> Work required: Only the last stretch of the records is wanted: restate word for word the line with "this 1250×1667 image." and every line after it.

> Data records:

* * * * * * *

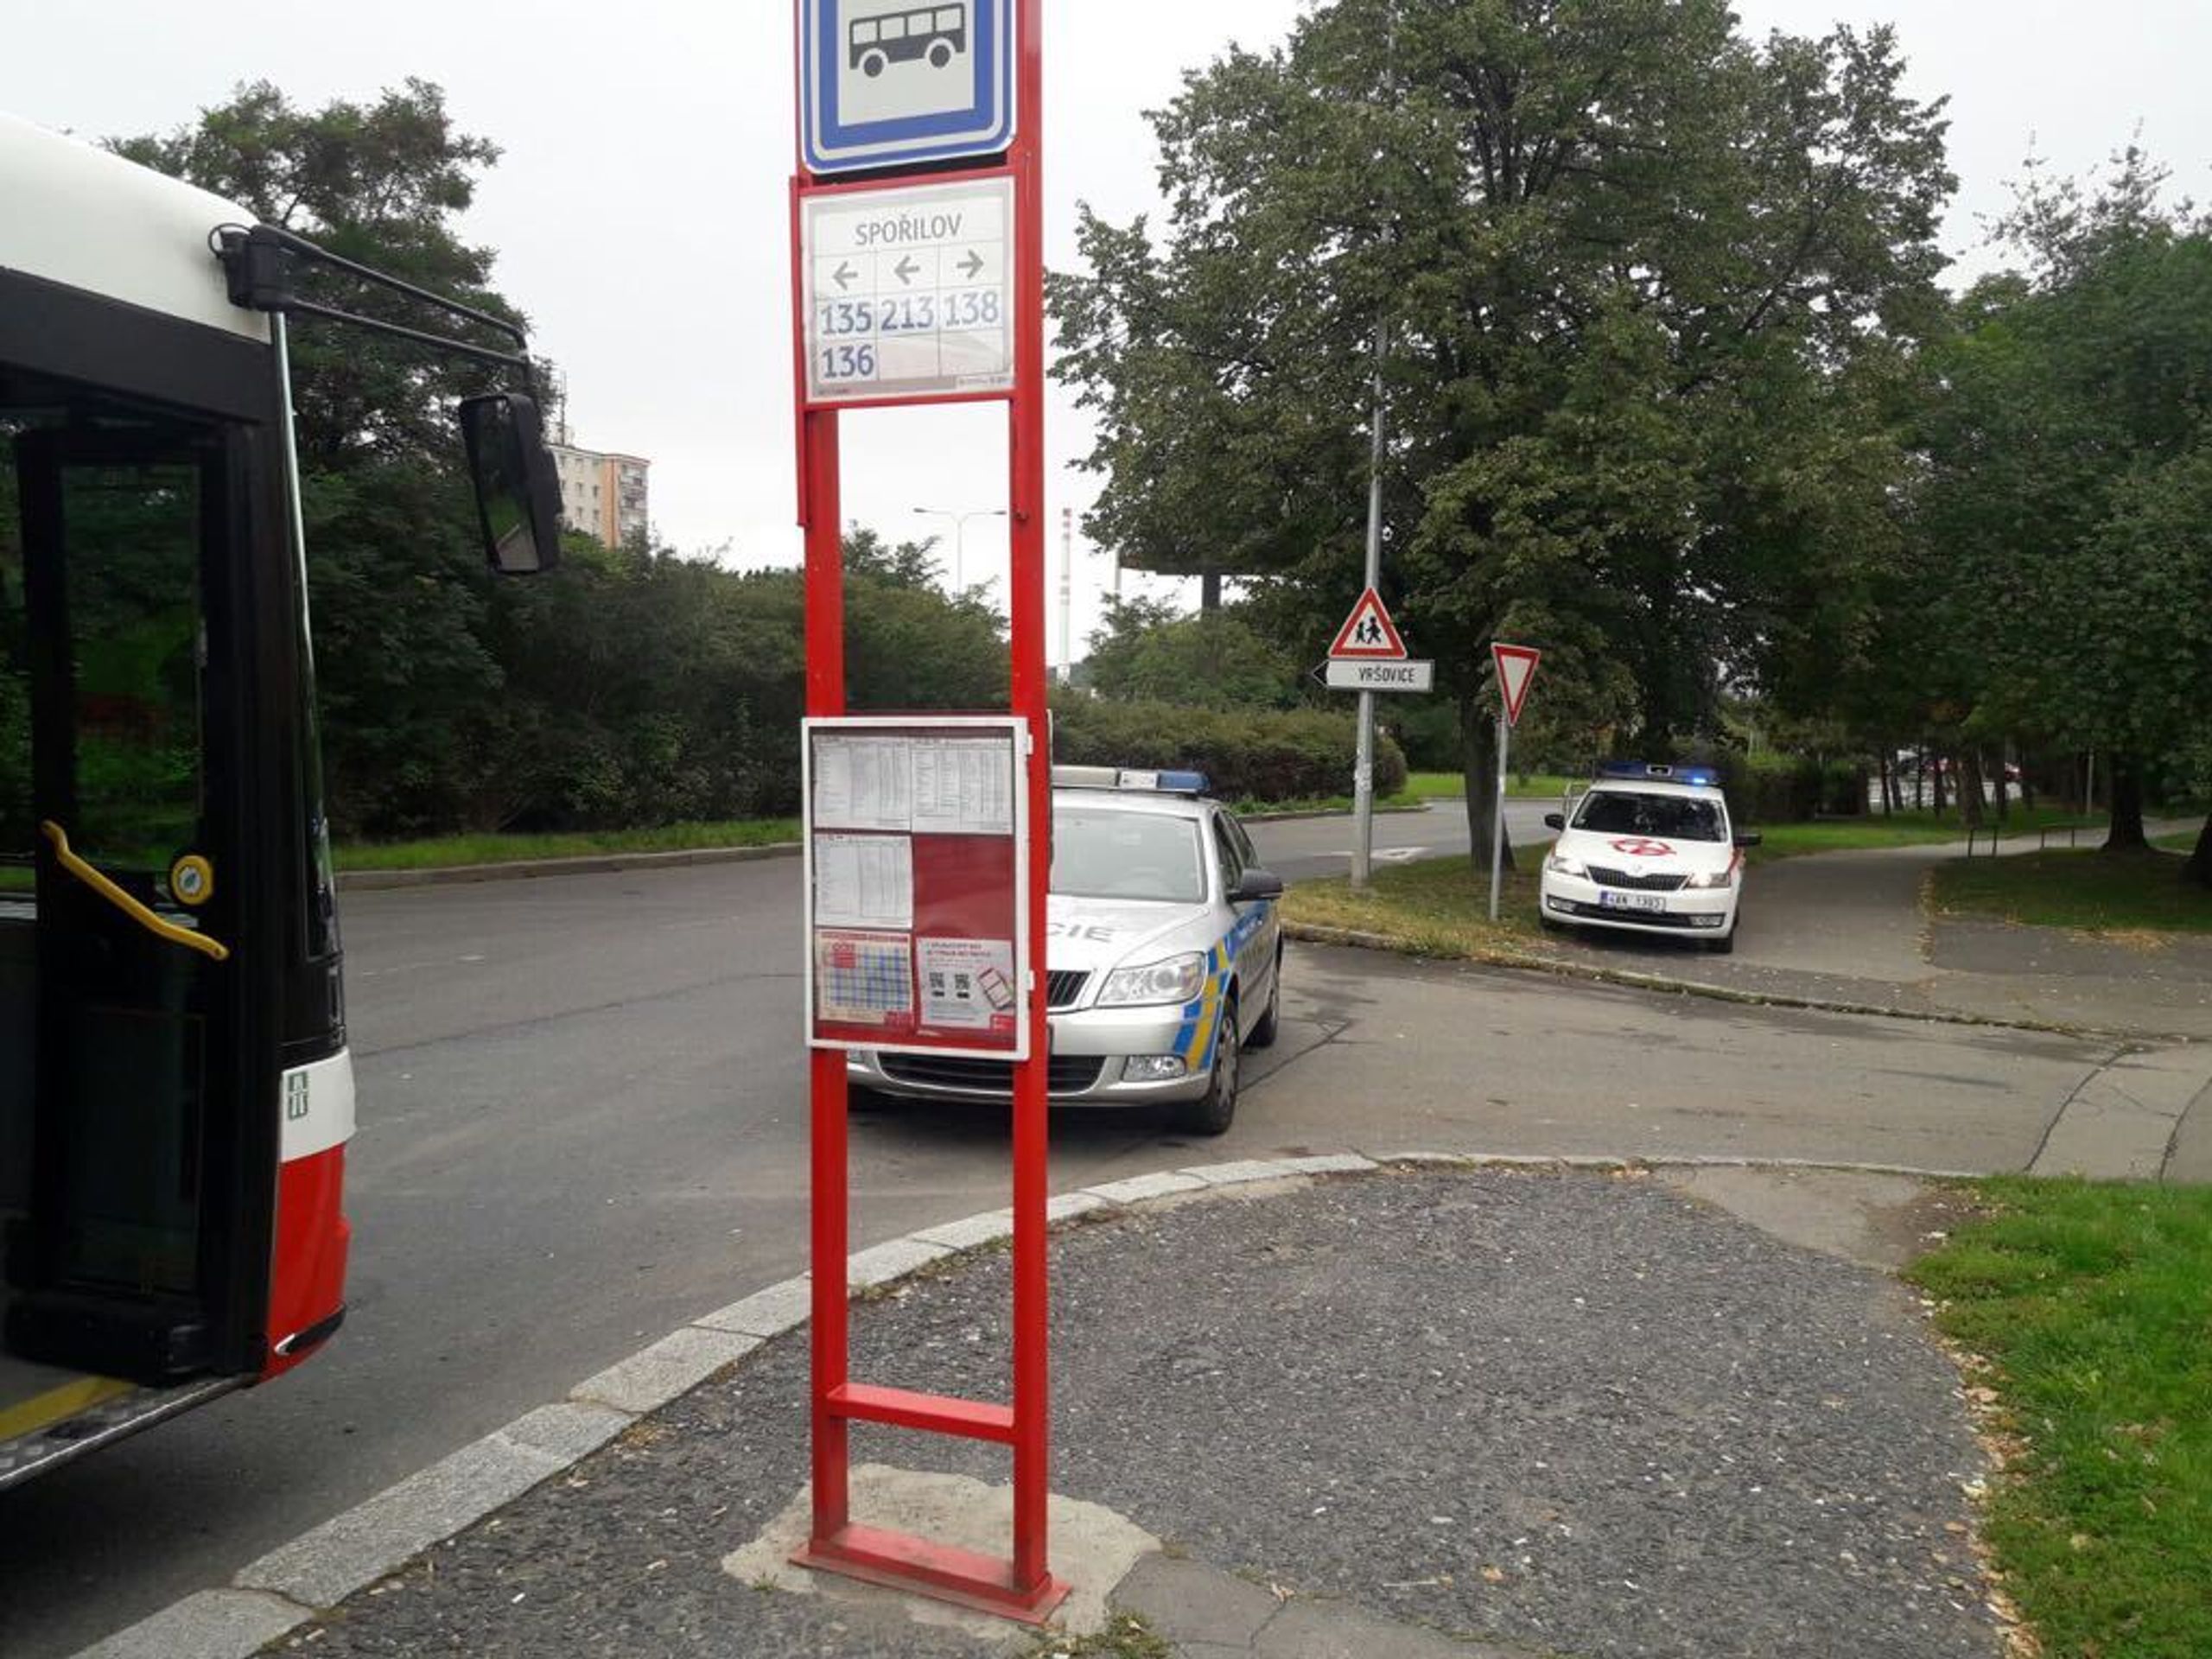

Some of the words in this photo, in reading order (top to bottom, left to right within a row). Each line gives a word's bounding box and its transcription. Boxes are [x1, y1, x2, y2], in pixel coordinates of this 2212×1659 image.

[855, 213, 963, 246] SPOŘILOV
[821, 303, 872, 334] 135
[881, 297, 933, 331] 213
[946, 291, 999, 326] 138
[822, 344, 874, 378] 136
[1359, 666, 1415, 683] VRŠOVICE
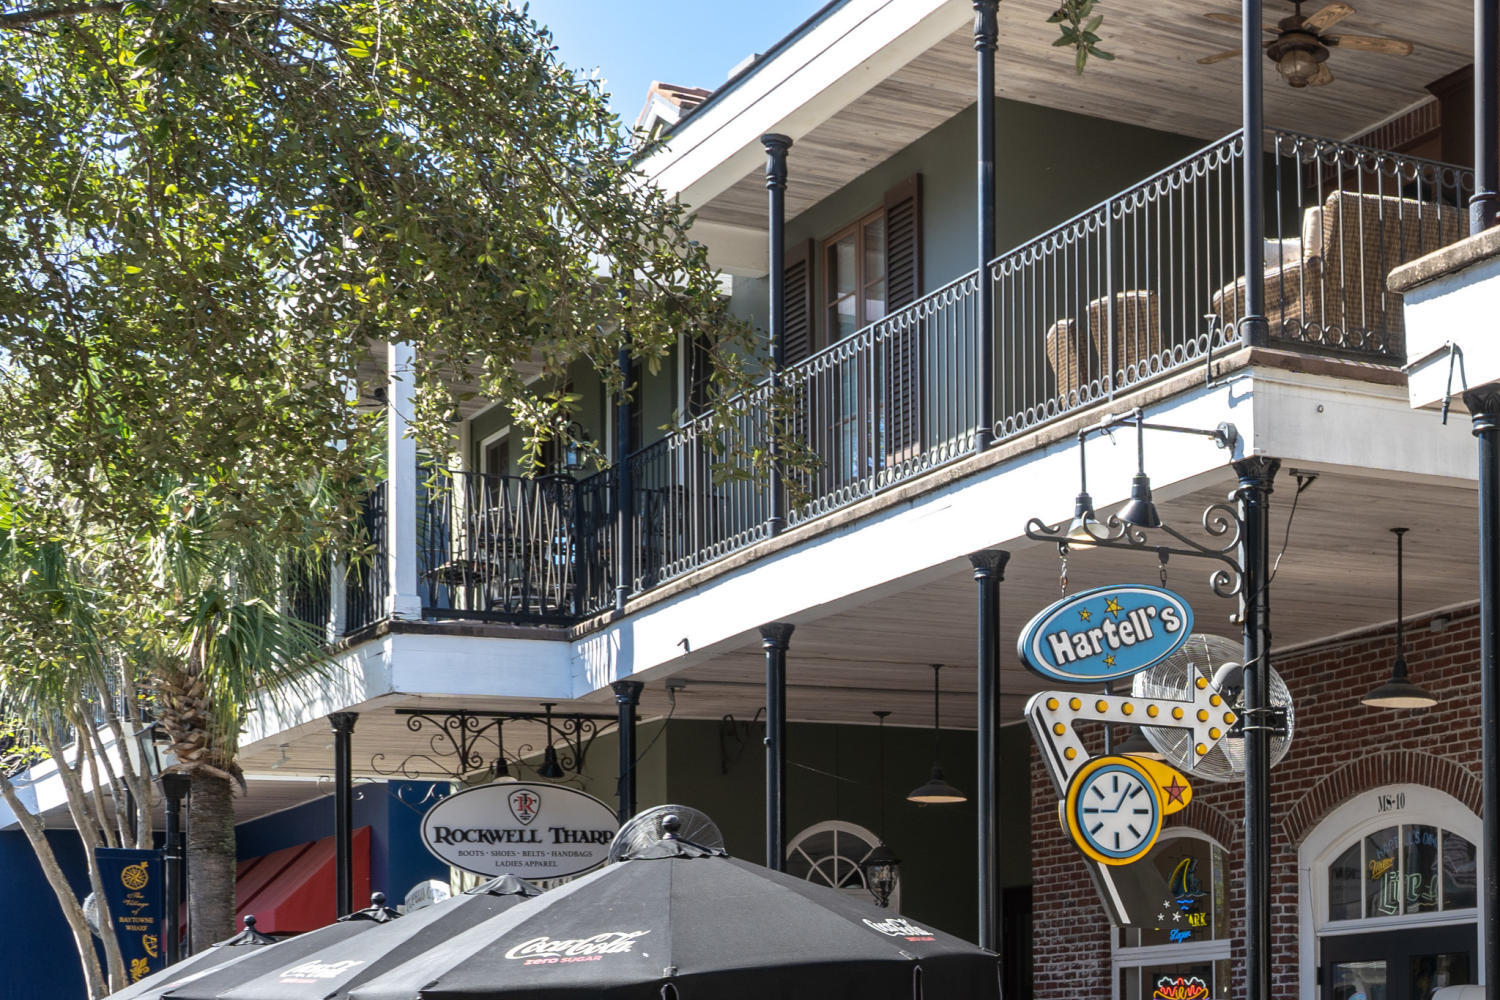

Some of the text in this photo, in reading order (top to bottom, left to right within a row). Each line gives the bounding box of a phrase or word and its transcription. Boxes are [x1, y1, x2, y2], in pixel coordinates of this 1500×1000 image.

[1046, 606, 1181, 666] Hartell's
[1377, 792, 1406, 813] MS-10
[559, 955, 604, 964] SUGAR
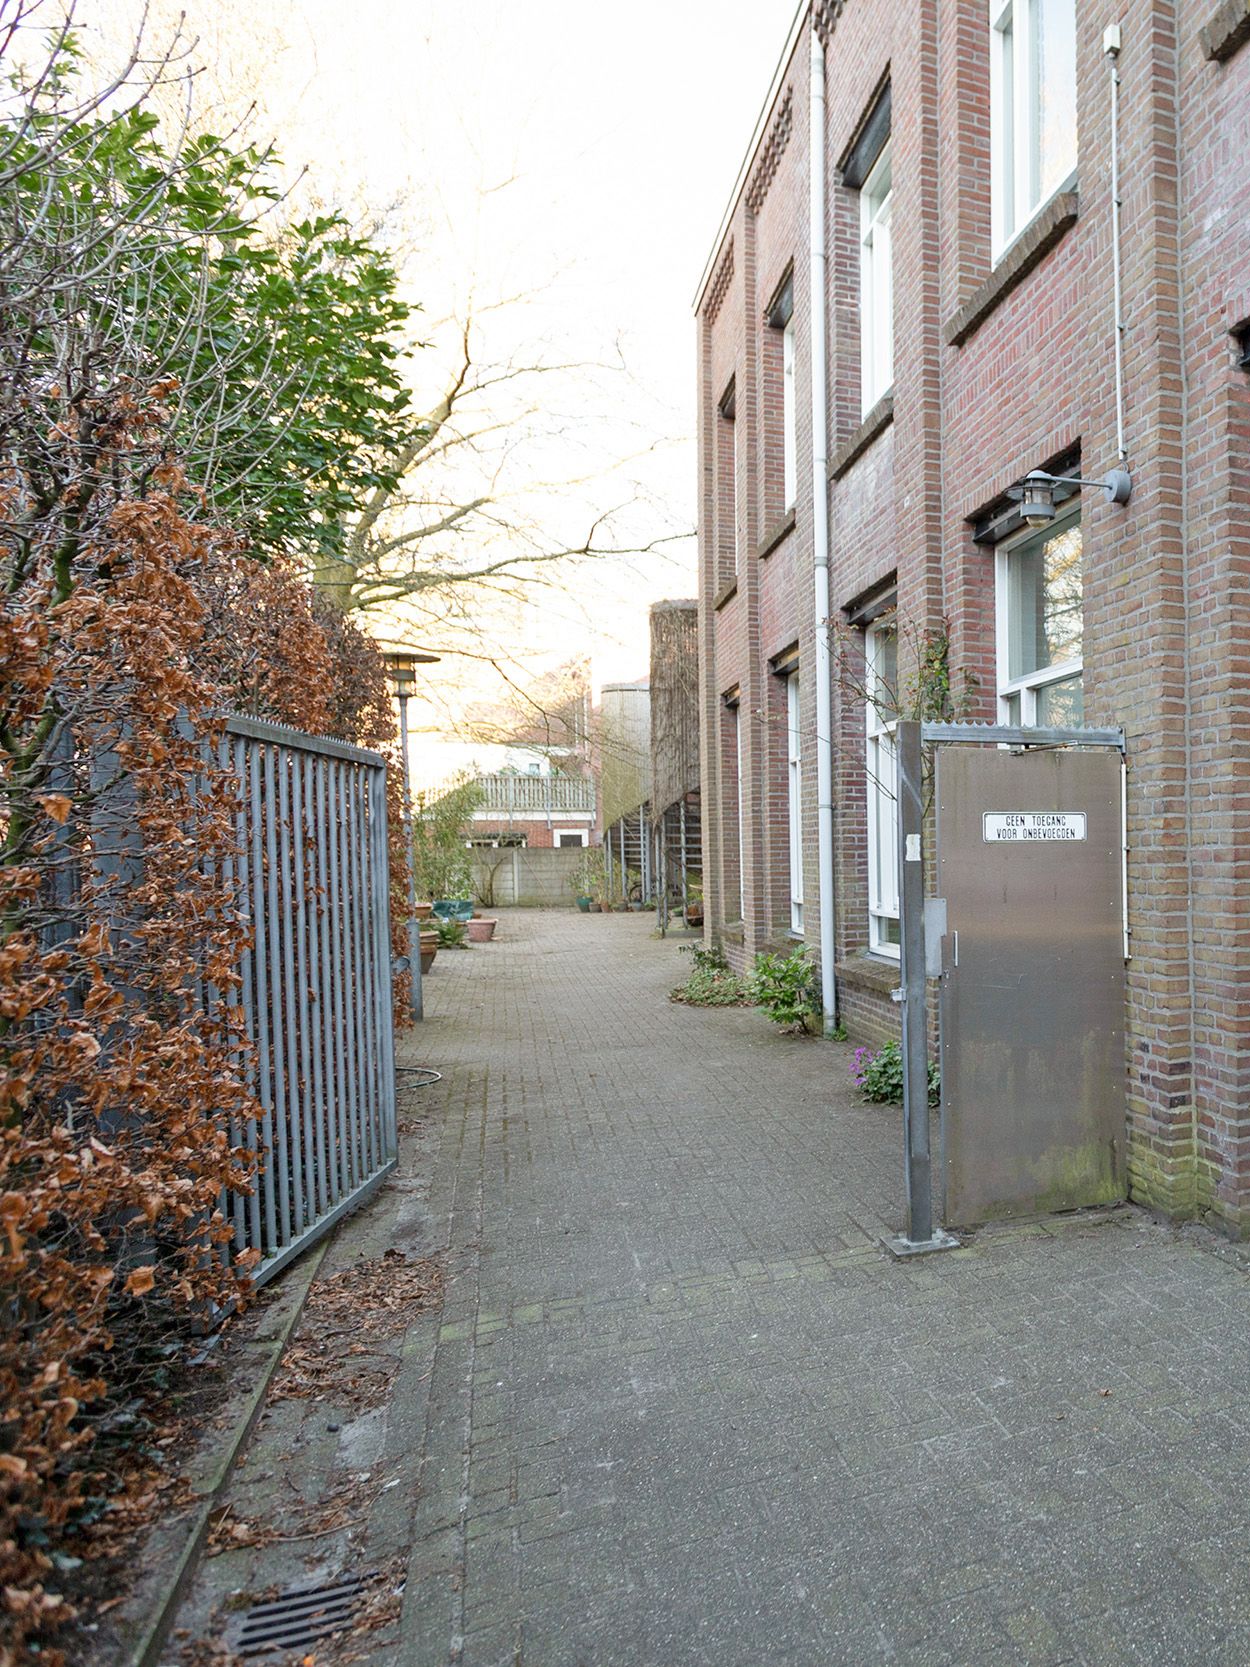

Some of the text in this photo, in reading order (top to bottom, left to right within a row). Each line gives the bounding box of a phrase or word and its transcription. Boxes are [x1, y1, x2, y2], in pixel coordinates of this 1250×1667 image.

[1005, 815, 1066, 826] GEEN TOEGANG
[996, 828, 1076, 839] VOOR ONBEVOEGDEN

* * * * * * *

> Output:
Some of the text in this photo, in reading order (top to bottom, left to right within a row). Each line gives the bounding box of a phrase or word and its transcription. Boxes are [x1, y1, x2, y2], in pixel coordinates of this 1250×1667 image.

[1005, 815, 1066, 826] GEEN TOEGANG
[996, 828, 1076, 839] VOOR ONBEVOEGDEN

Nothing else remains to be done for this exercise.